== What the task asks ==
A faithful copy of every record is needed here. Images must not appear in it.

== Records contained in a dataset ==
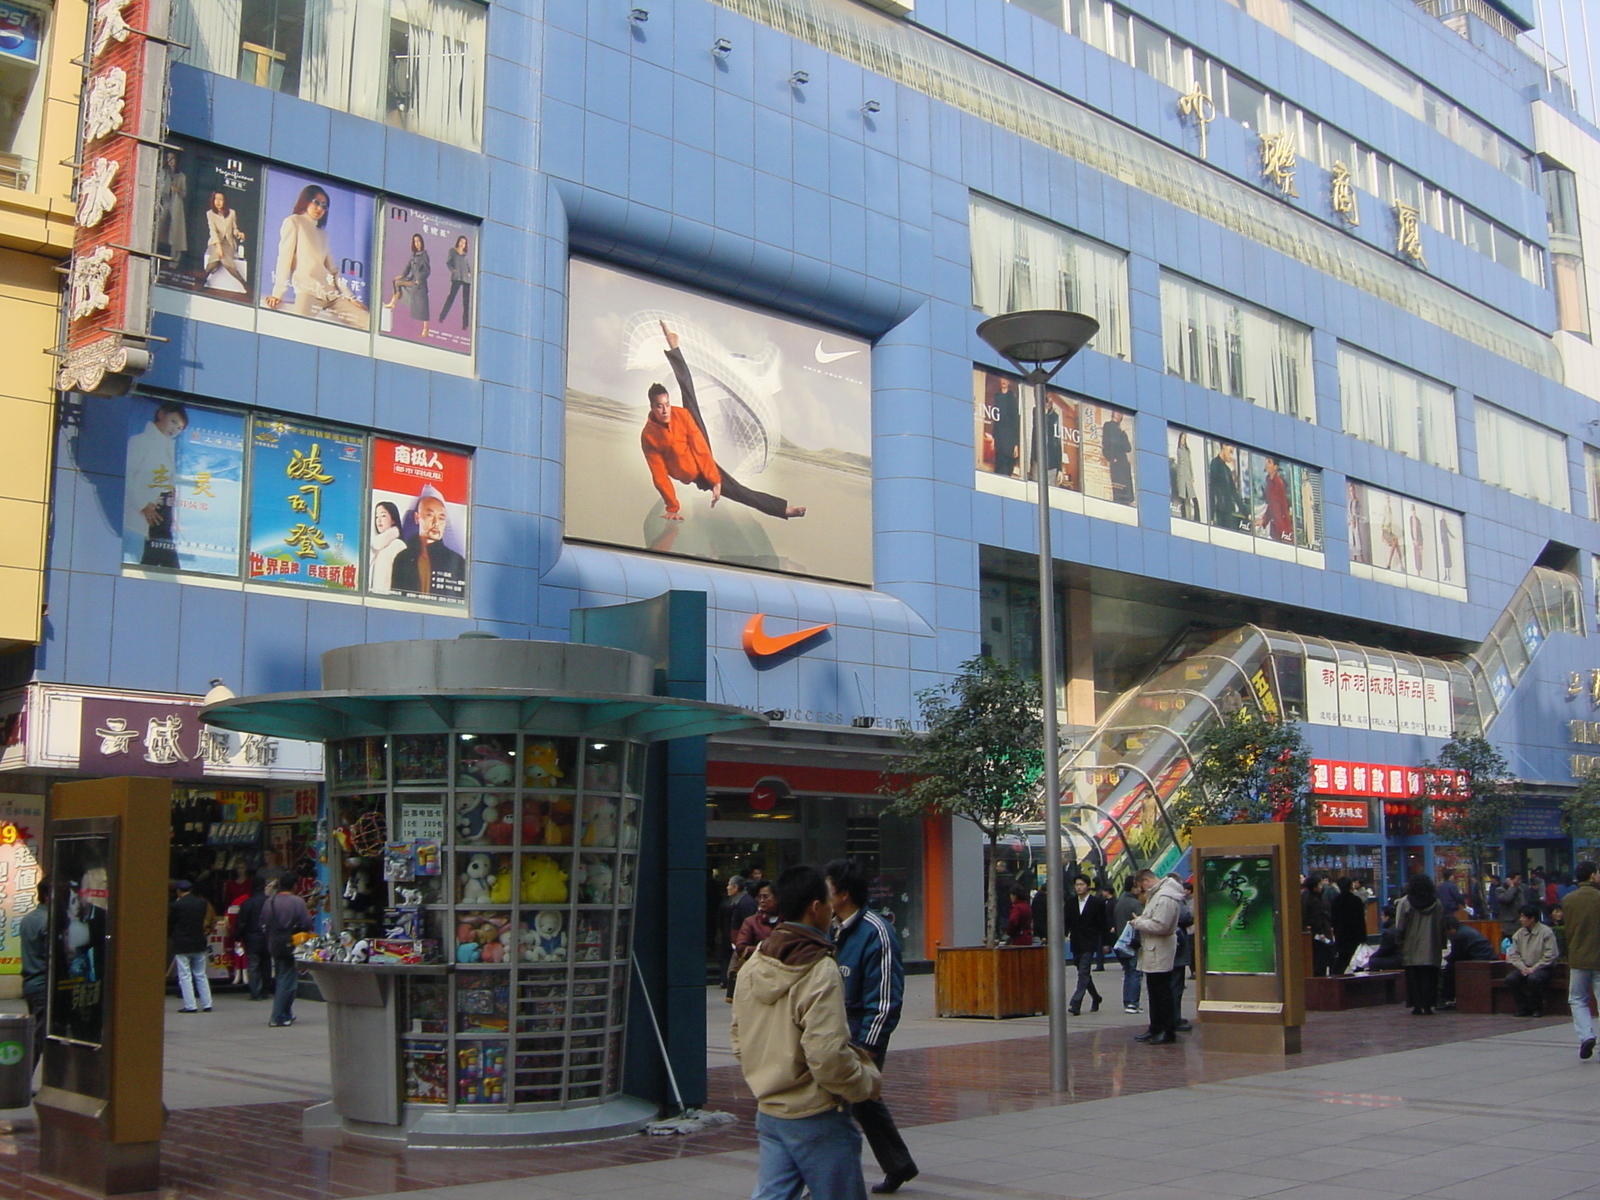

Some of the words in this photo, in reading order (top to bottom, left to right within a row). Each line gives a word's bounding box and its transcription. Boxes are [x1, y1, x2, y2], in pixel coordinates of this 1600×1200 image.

[1053, 423, 1081, 444] LING
[395, 445, 443, 470] 南极人
[284, 443, 336, 559] 波司登
[249, 552, 300, 579] 世界品牌
[307, 564, 357, 590] 民族骄傲
[1322, 668, 1438, 703] 都市羽绒服新品展
[773, 707, 843, 724] SUCCESS
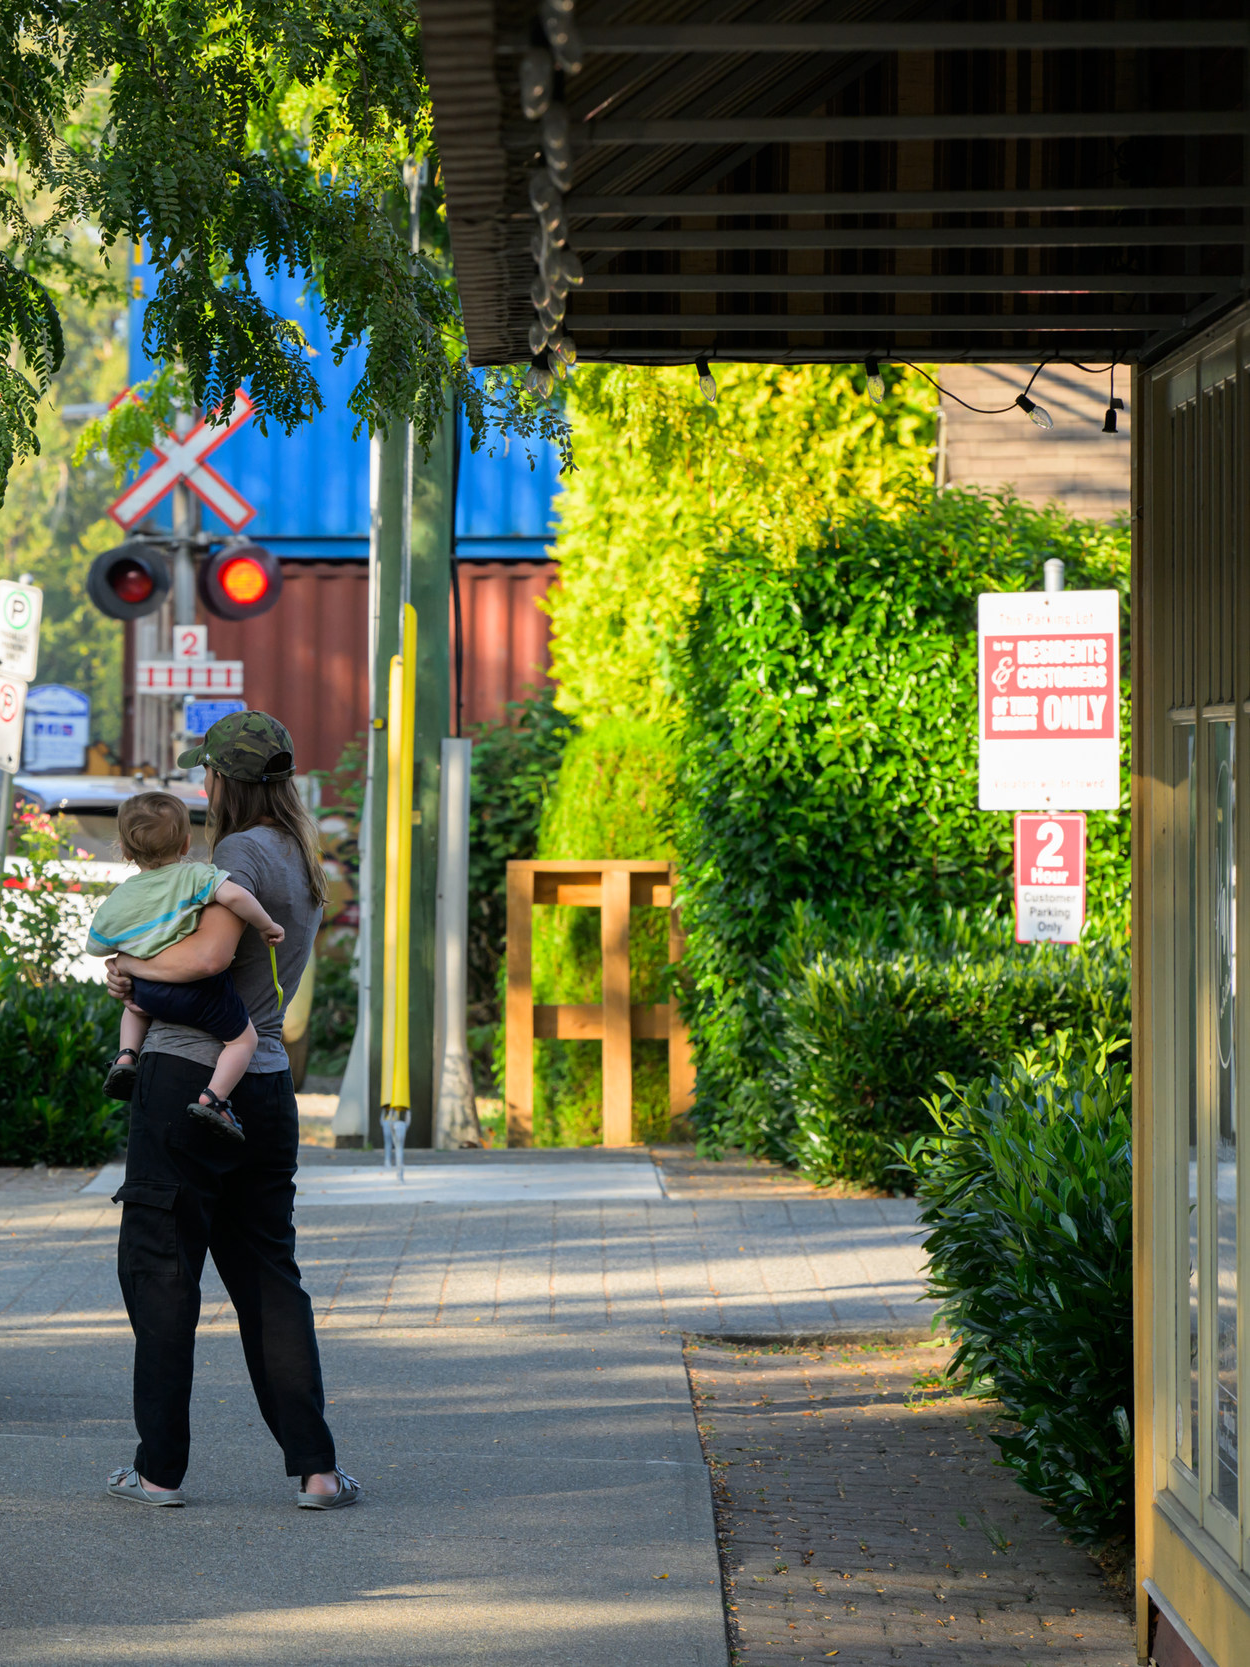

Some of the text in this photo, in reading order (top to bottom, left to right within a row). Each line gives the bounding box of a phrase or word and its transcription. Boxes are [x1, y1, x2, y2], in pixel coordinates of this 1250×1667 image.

[999, 612, 1094, 628] This Parking Lot
[181, 632, 198, 656] 2
[1017, 638, 1107, 665] RESIDENTS
[1017, 665, 1107, 689] CUSTOMERS
[1043, 694, 1107, 730] ONLY
[1036, 821, 1064, 867] 2
[1031, 867, 1069, 884] Hour
[1024, 892, 1076, 903] Customer
[1030, 906, 1071, 919] Parking
[1037, 921, 1063, 935] Only
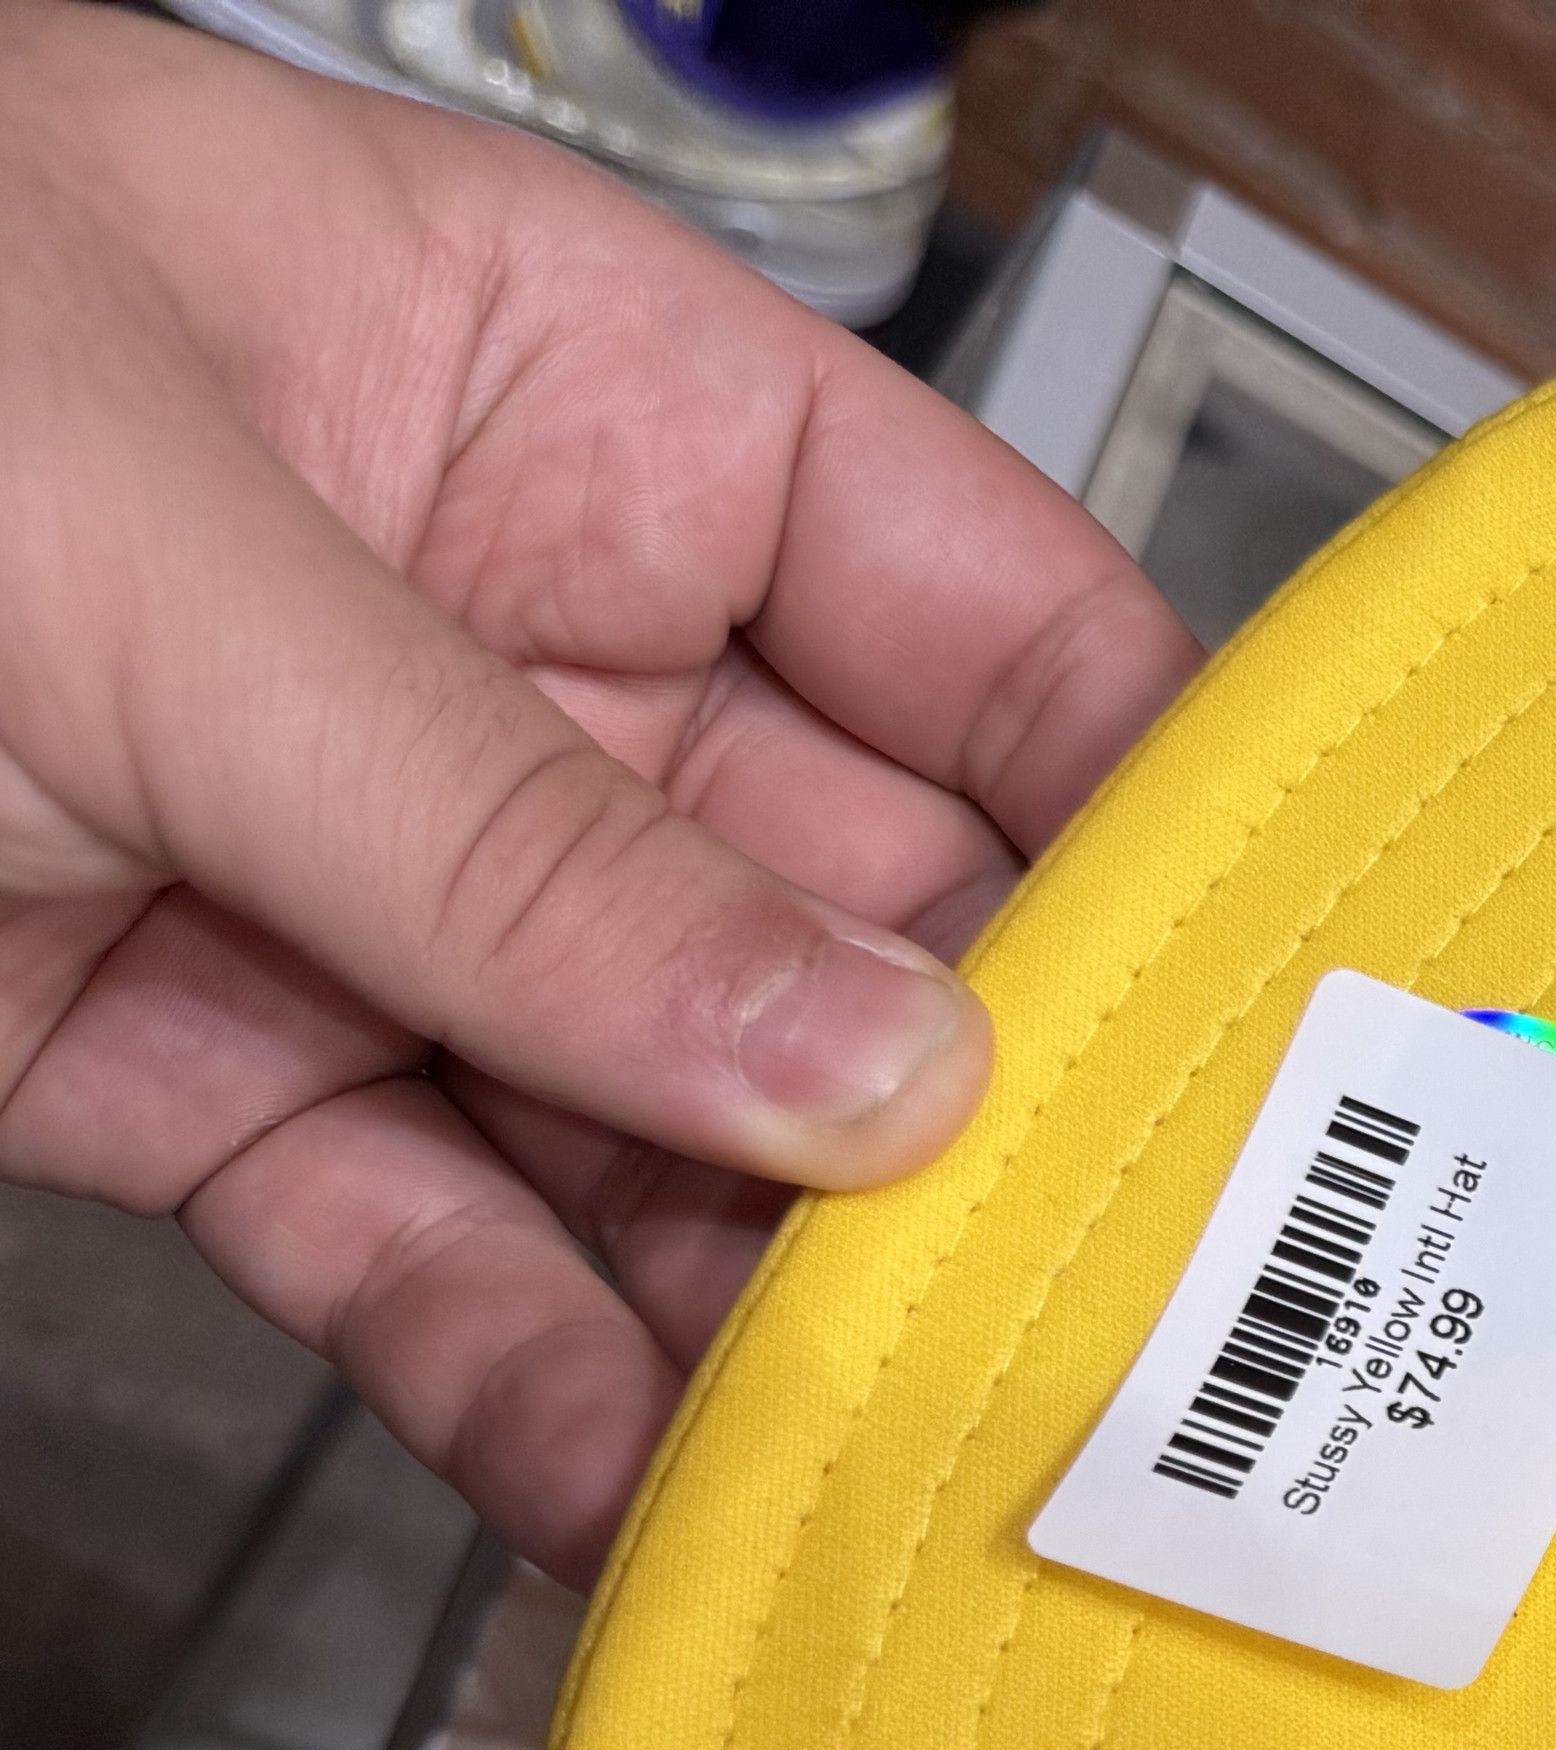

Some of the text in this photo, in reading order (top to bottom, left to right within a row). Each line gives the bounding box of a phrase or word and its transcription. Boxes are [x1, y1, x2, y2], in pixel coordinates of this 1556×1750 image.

[1284, 1154, 1487, 1514] Stussy Yellow Intl Hat
[1316, 1278, 1380, 1367] 16910
[1387, 1289, 1484, 1428] $74.99

== Exercise response ==
Some of the words in this photo, in reading order (top to bottom, left to right within a row). Each line gives a word's bounding box and its transcription. Boxes are [x1, y1, x2, y2], in pixel coordinates of this 1600×1200 image.

[1053, 423, 1081, 444] LING
[395, 445, 443, 470] 南极人
[284, 443, 336, 559] 波司登
[249, 552, 300, 579] 世界品牌
[307, 564, 357, 590] 民族骄傲
[1322, 668, 1438, 703] 都市羽绒服新品展
[773, 707, 843, 724] SUCCESS

Some of the text in this photo, in reading order (top to bottom, left to right within a row). Each line gives the bounding box of a phrase or word and its transcription. Boxes are [x1, y1, x2, y2], in pixel coordinates of this 1250×1667 image.

[999, 612, 1094, 628] This Parking Lot
[181, 632, 198, 656] 2
[1017, 638, 1107, 665] RESIDENTS
[1017, 665, 1107, 689] CUSTOMERS
[1043, 694, 1107, 730] ONLY
[1036, 821, 1064, 867] 2
[1031, 867, 1069, 884] Hour
[1024, 892, 1076, 903] Customer
[1030, 906, 1071, 919] Parking
[1037, 921, 1063, 935] Only

Some of the text in this photo, in reading order (top to bottom, left to right within a row). Each line gives the bounding box of a phrase or word and its transcription. Boxes are [x1, y1, x2, y2], in pixel coordinates of this 1556×1750 image.

[1284, 1154, 1487, 1514] Stussy Yellow Intl Hat
[1316, 1278, 1380, 1367] 16910
[1387, 1289, 1484, 1428] $74.99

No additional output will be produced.